I’m “biast” (con): nothing
(what is this about? see my critic’s minifesto)
Absolutely why not remove all the mystery and the wonder from creative inspiration and reduce it to “Dude saw this, dude saw that, I guess that’s where fantasy comes from, who can really say *shrug*.” This literal-minded, magic-free semi-biopic of Hobbit and Lord of the Rings author J.R.R. Tolkien is nothing more than a tedious box-ticking exercise in running down all the bits and pieces of his life that ended up in Middle-Earth, probably. It’s reductive and infuriating, and it no way captures what must have been the weirdness and the sheer bloody-mindedness of a man who spent his life inventing languages and crafting stories around them, just for fun. Who does that? Surely not the stolid, dull man we see in this stolid, dull film.
Tolkien opens with the 24-year-old Oxford student (Nicholas Hoult [Deadpool 2, Mad Max: Fury Road], who is starting to look very Cumberbatch-y) foundering in the trenches of the World War I Battle of the Somme. He’s an officer because (we presume?) he’s a bit posh, and he has a devoted grunt tommy (Craig Roberts: 22 Jump Street, Bad Neighbours) apparently slavishly devoted to him. (Who knows why? We never learn. It’s just the natural way of things when a lowly prole encounters his better, perhaps. *barf*) And, if you are any kind of Lord of the Rings fan, you instantly go, “Oh, that’s Sam.” That is, Samwise Gamgee, slavishly devoted servant to Frodo Baggins who ensures Frodo can destroy the evil One Ring and keep it out of the hands of Sauron, etc etc, in LOTR. Later — hardly a spoiler — we learn that this slavishly devoted grunt tommy is literally called Sam. The completely unexplicated yet implied-clichéd connection between Tolkien and his Sam hardly makes us feel better about the lovely fictional relationship between Frodo and his Sam, though it’s clearly meant to. It makes us feel a bit icky, in actual fact. Facepalms definitely ensue.

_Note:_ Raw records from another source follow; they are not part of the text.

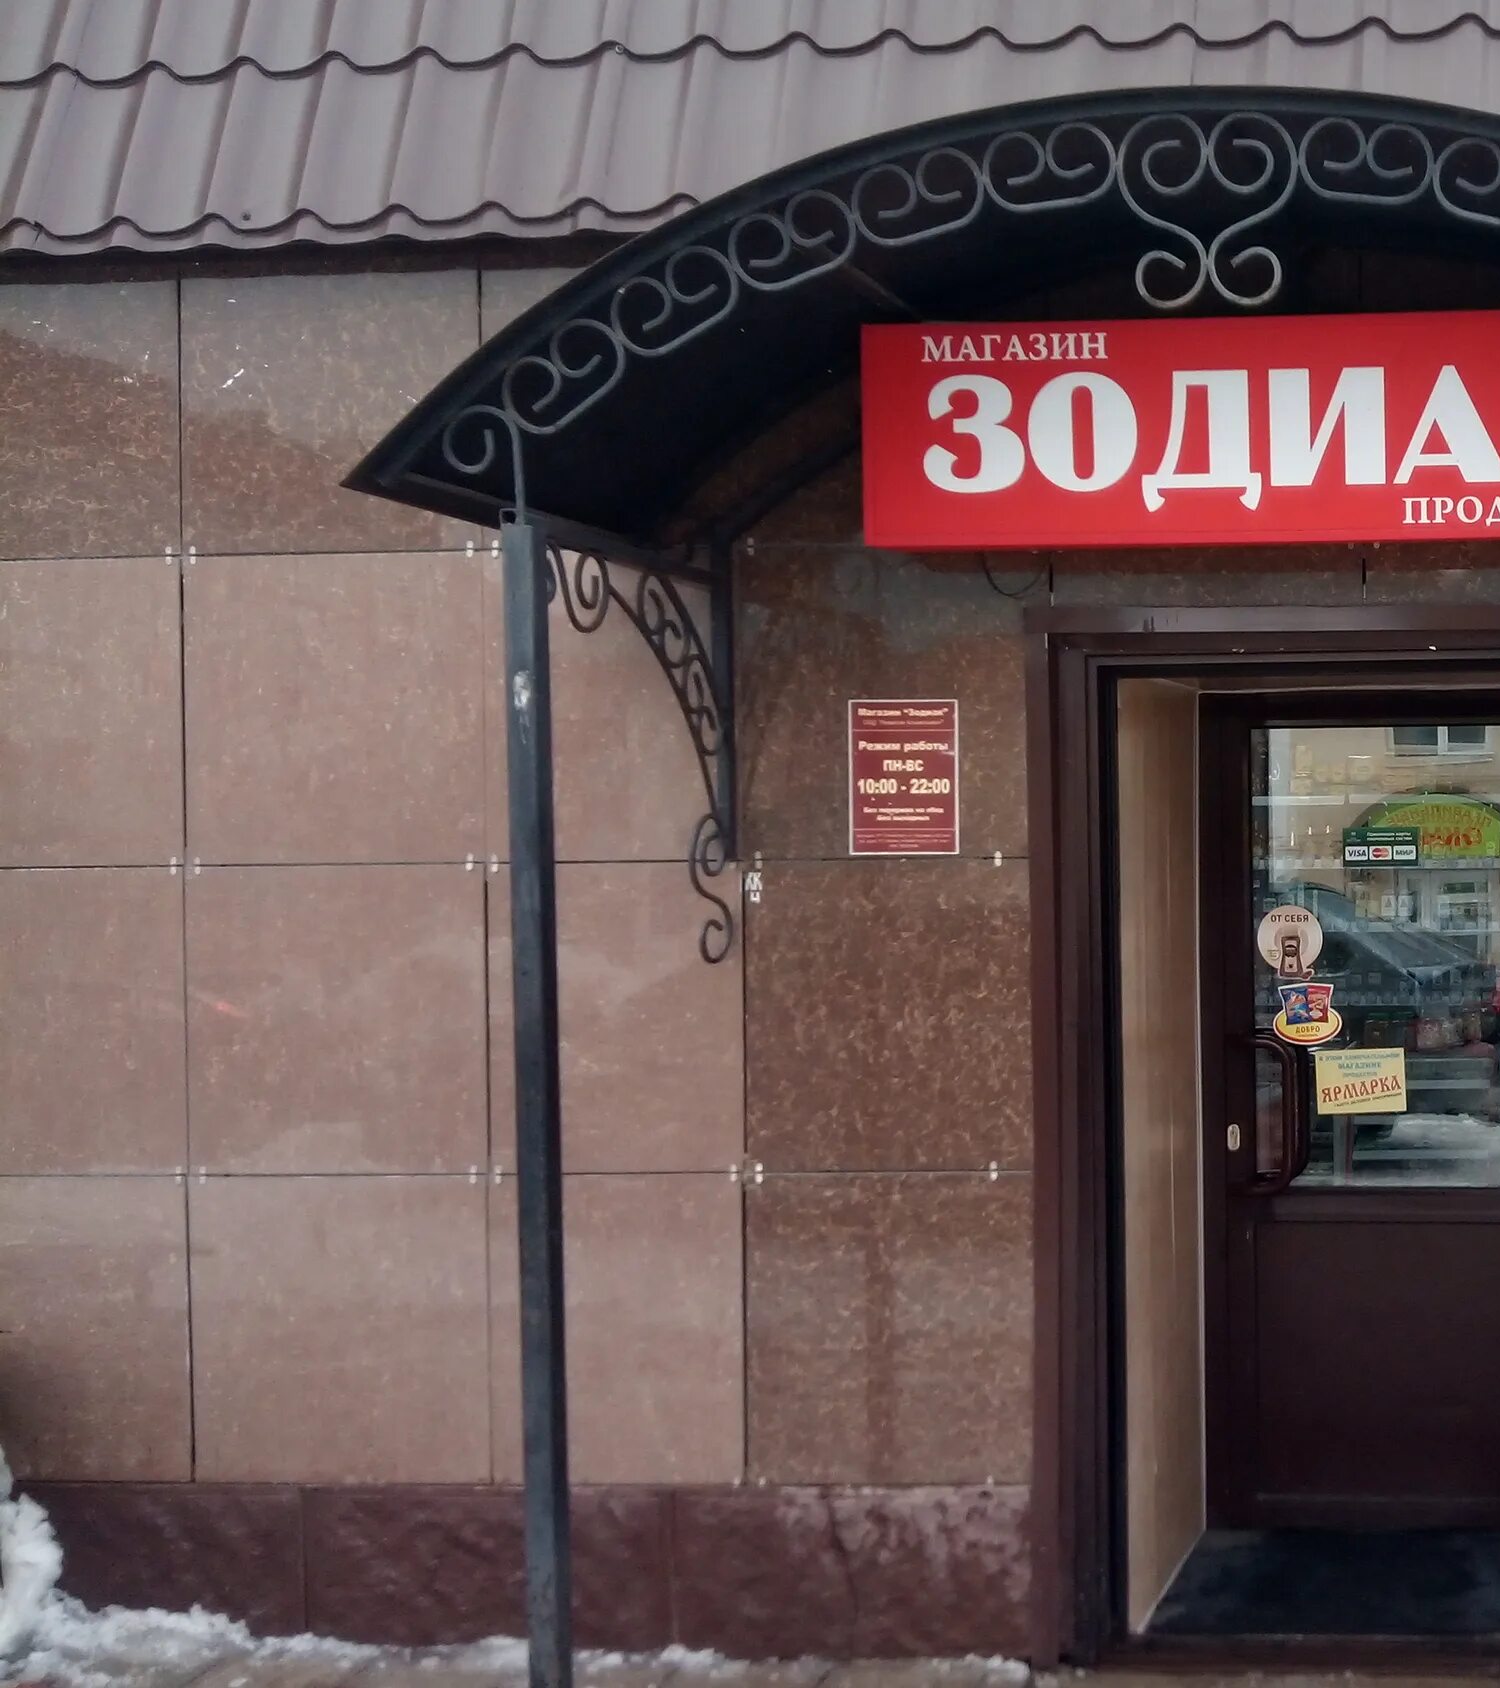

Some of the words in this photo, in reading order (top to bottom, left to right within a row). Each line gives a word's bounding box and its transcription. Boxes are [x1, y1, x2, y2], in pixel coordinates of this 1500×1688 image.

[921, 332, 1109, 363] МАГАЗИН
[858, 741, 901, 751] Режим
[903, 740, 949, 753] работы
[882, 760, 925, 772] ПН-ВС
[857, 778, 898, 794] 10:00
[909, 778, 951, 794] 22:00
[1348, 849, 1367, 857] VISA
[1270, 914, 1282, 923] ОТ
[1284, 914, 1309, 923] СЕБЯ
[1295, 1025, 1321, 1034] ДОБРО
[1321, 1075, 1402, 1104] ЯРМАРКА

Facepalms have been happening all along, though, because director Dome Karukoski — who is Finnish, like the inspiration for Tolkien’s languages! (*facepalm*) — is all about underscoring every single aspect of Tolkien’s life that must have wormed its way into his invented world. (To be fair, there’s not much else in David Gleeson and Stephen Beresford’s [Pride] script, either.) Oh look! There’s the little cottage he lived in with his widowed mother (Laura Donnelly: The Program) in the English countryside, which is surely Bilbo Baggins’s Bag End in The Shire. Oh look how the horrific flamethrowers of the German soldiers in the WWI trenches become the scorching fiery breath of dragons! See! how a visit to the opera with his ladylove Edith (Lily Collins: The Mortal Instruments: City of Bones, Mirror Mirror) is all Wagner-ish and *nudge nudge* magic-ring-y. See! how terrifying horsemen of the Great War battlefields become the Black Riders who chase Frodo and Sam across a bleakening landscape.
If only there were the slightest bit of self-aware irony or self-deprecation or maybe — Eärendil forbid — a sense of humor in any of this! There’s space for a whole “He was forged in the fires of the terrors of a fancy Edwardian English boys’ school!” here. But bits like one of his school pals — they had a Fellowship, of course — muttering, in relation to Wagner, “It shouldn’t take six hours to tell a story about a magic ring” land like orcshit in Mordor. Joke’s on Tolkien’s school pals, though: Peter Jackson’s magic-ring movies now run to about 18 hours (not counting the “extended editions”). And brace yourself for Amazon’s upcoming Tolkien series, which threatens to add many more hours to the collective runtime. All of which is likely why we are now saddled with this dreary and unenlightening movie.
Late in the game Tolkien is playing, the always brilliant Derek Jacobi (Tomb Raider, Murder on the Orient Express) pops up as a genuinely oddball Oxford don who inspires the young scholar to follow his passion for languages, but it’s too little, too late: all the potential for exploring the necromancy of inspiration has already been squandered. Also fuck this movie for having Edith tell Tolkien something important about his work — about words and what makes them beautiful — that he seems to discount until Jacobi’s professor tells him the exact same thing. Maybe the real Tolkien did do that — because men — but the movie should at least have the balls to acknowledge that this is a problem.
I figure Bilbo Baggins would have something withering to say about all of this.